Dementia is an umbrella term for a range of conditions involving neurodegeneration or other aetiologies that result in significant cognitive decline, the most common of which is Alzheimer’s disease [ 1 ]. The cognitive decline observed in people with Alzheimer’s disease involves the gradual accumulation of toxic amyloid-beta and tau proteins causing neuronal damage [ 2 ], so identifying those people with signs of Alzheimer’s-related cognitive decline as early as possible would enable interventions to be utilised to delay or even prevent some of the damage. People with dementia may first notice they have an issue when they experience increased episodes of confusion or issues with memory or language (e.g., [ 3 ]). However, Alzheimer’s pathology likely begins many years and perhaps decades before the onset of symptoms [ 4 ]. Indeed, research has shown that there are earlier warning signs of dementia which may be too subtle for a patient to be aware of, for example, problems with attention (e.g., [ 5 ]). Further, research suggests that it is currently possible to predict who will experience dementia 12 years prior to formal diagnosis [ 6 ]. Therefore, it may be possible to identify at-risk people before their cognitive decline worsens. Dementia has an effect on both speech and writing (e.g., [ 7 , 8 ]); therefore, measuring the first signs of decline in these functions may provide an early biomarker for dementia.
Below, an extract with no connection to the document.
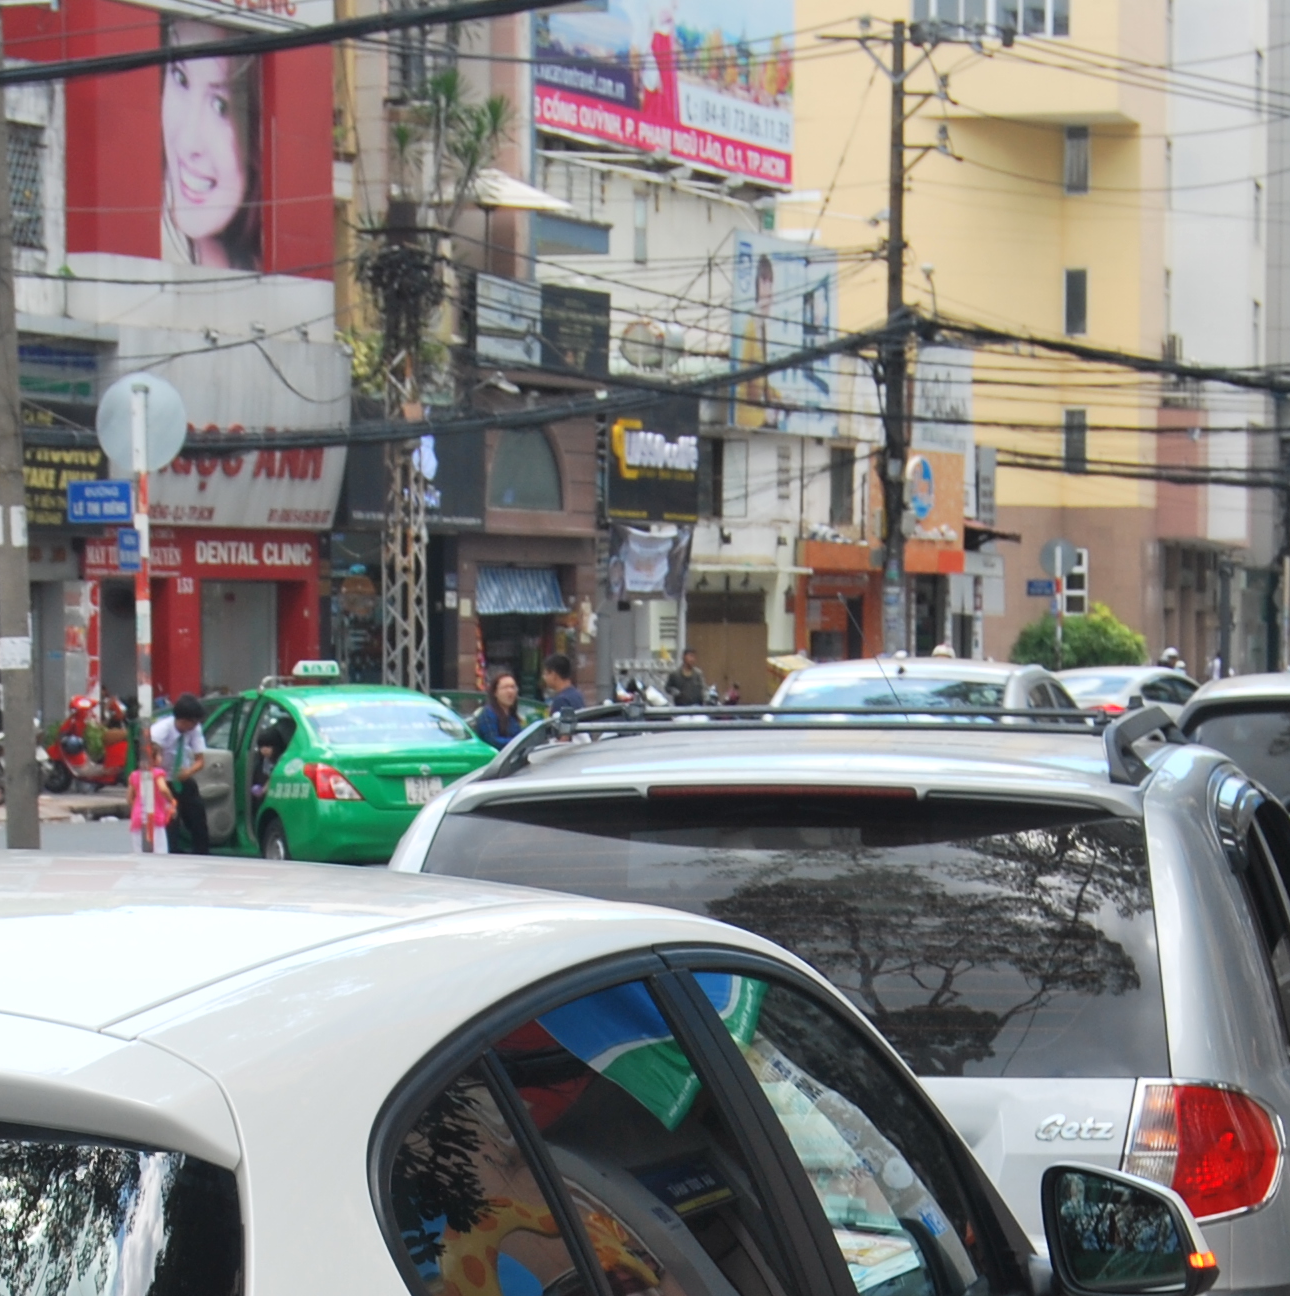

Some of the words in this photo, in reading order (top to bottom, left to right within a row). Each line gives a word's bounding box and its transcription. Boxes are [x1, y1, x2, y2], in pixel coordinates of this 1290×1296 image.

In early-stage Alzheimer’s, researchers have observed impairments in both producing and understanding words and sentences [ 9 ]. Therefore, by looking for changes in how someone uses language, then this may provide an early warning sign for dementia. The complexity of sentence structure, as measured by factors like the number of clauses per utterance, decreases with age in both spoken and written language [ 10 ]. Older adults struggle more with complex sentence structures, such as those with left-branching clauses, compared to younger adults [ 11 ].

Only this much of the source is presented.